An aviation safety expert said the runway is “absolutely” safe.
But the ExpressJet report, based on both an analysis of the UPS crash and ExpressJet landings in Birmingham, said a nonstandard flight path to the runway combined with the “significant threat of terrain” meant its pilots should always land on Birmingham’s main runway if it is available.
Dated about one month after the UPS crash, the ExpressJet review said the study was meant to illustrate the “tight constraints” of Runway 18, “not to instill fear” in pilots.
ExpressJet spokeswoman Samantha Harrison declined comment on the safety analysis. The company operates 14 flights daily through Birmingham as Delta or United Express, airport records show.
A spokeswoman for the Birmingham airport, Toni Herrera-Bast, wouldn’t answer questions about the ExpressJet report, including whether the authority that oversees the airport is considering any changes to the runway.

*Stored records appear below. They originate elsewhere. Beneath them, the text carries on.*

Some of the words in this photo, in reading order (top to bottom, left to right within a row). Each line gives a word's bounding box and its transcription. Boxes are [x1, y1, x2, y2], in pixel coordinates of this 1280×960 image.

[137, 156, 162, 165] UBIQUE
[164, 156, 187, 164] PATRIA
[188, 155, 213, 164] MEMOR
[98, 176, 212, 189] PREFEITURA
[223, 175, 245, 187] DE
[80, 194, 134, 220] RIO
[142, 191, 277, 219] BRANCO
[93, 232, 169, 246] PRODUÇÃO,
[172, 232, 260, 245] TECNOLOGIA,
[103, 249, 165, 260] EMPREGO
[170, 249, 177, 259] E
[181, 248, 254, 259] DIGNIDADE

Birmingham’s main, 12,000-foot-long runway was temporarily closed for repairs the morning of the crash, and the pilot of the UPS jet decided to land on Runway 18, which is 7,000 feet long and has less guidance equipment than the longer runway.
The airplane’s path took it across several large hills at the northern end of the runway.

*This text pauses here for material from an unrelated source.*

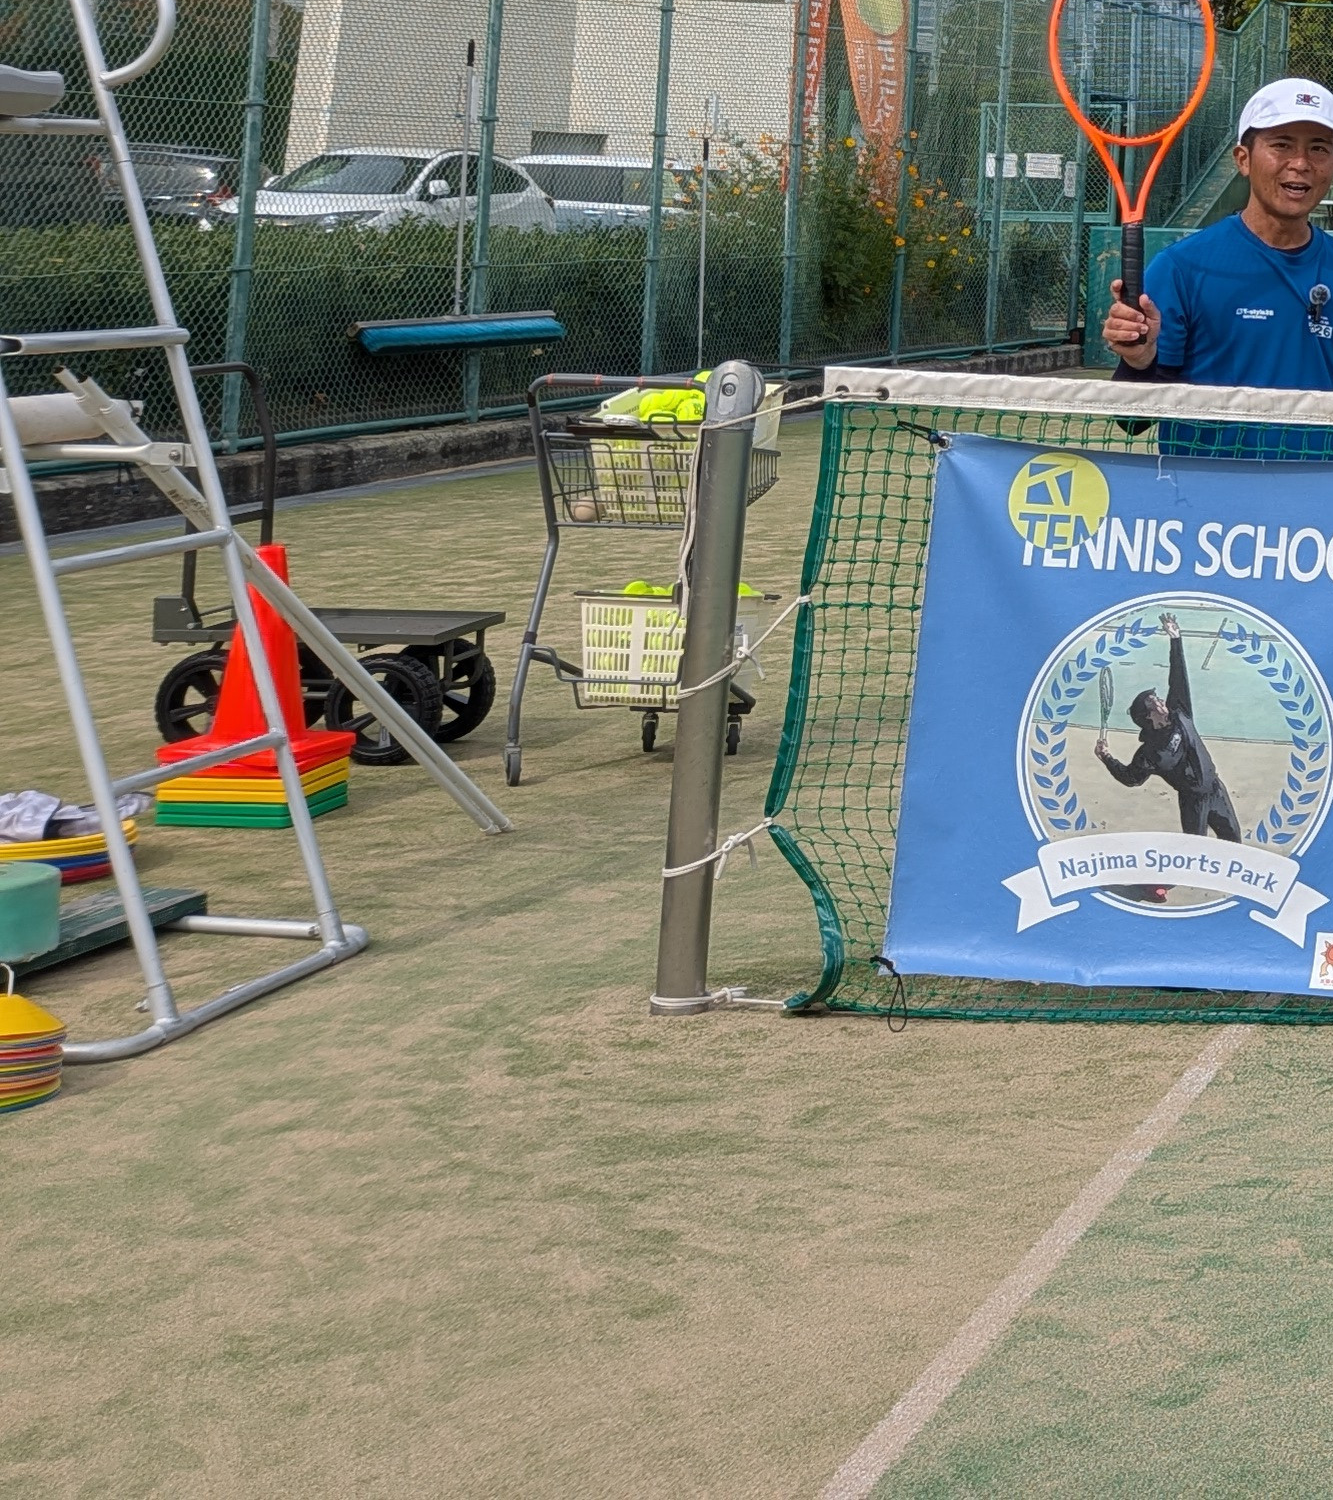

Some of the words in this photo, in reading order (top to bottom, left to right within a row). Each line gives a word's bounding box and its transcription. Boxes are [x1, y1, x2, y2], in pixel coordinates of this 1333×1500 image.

[1018, 512, 1184, 574] TENNIS
[1058, 852, 1137, 880] Najima
[1145, 849, 1221, 873] Sports
[1226, 860, 1279, 893] Park

Apparently unaware how close the aircraft was to the ground, the pilot flew into the tops of tall trees beside two homes before dawn on an overcast, drizzly morning. After impact, the aircraft plunged into the side of a hill more than a half-mile from the end of the runway, scattering wreckage across a wide area.
ExpressJet’s safety department reviewed both the UPS crash and 11 landings made by its own pilots last year on Runway 18, the analysis shows.

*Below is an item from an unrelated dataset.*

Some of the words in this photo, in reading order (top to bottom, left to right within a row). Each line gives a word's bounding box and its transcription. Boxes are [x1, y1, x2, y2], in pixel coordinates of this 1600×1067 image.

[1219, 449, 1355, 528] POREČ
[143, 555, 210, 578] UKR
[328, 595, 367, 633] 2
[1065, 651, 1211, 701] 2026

While none of the ExpressJet flights crashed, the study found that two ExpressJet planes that were only a few feet below an ideal flight path came within 65 feet of a hilltop.
“Due to the significant threat of terrain on approach to runway 18 and the non-standard glide-path angle, all landings should be made to runway 6/24, if available,” the study concludes. “Flying `low’ or `slightly low’ ... puts the aircraft dangerously close to terrain.”
Veteran airline pilot-turned-safety consultant John Cox, who grew up in Birmingham and learned to fly on Runway 18, said the runway “absolutely” is safe.
“How many hundreds and thousands of people have landed using that approach?” Cox said.
But, he said, the ExpressJet analysis highlights the difficulty pilots face when landing on Runway 18 and other runways with difficult approaches over hills or buildings. The Birmingham runway is also tricky during takeoffs because of surrounding hills, Cox said.
“It’s an appropriate step for the company to say to the crews, `This runway has some issues with it. If you can, use the other one,”’ said Cox, who flew for commercial carriers and now is chief executive of the Washington-based Safety Operating Systems, a consulting company.
Testimony during the NTSB hearing indicated commercial jets seldom use Birmingham’s shorter runway, but investigators could not determine whether the UPS pilot, Cerea Beal Jr., ever had attempted landing on Runway 18 during 175 previous flights into Birmingham.
The co-pilot, Shanda Fanning, was making only her second flight to the Birmingham airport.
ExpressJet, a subsidiary of SkyWest Inc., calls itself the world’s largest regional airline with more than 2,100 flights daily on average. It operates as American Eagle, Delta Connection and United Express.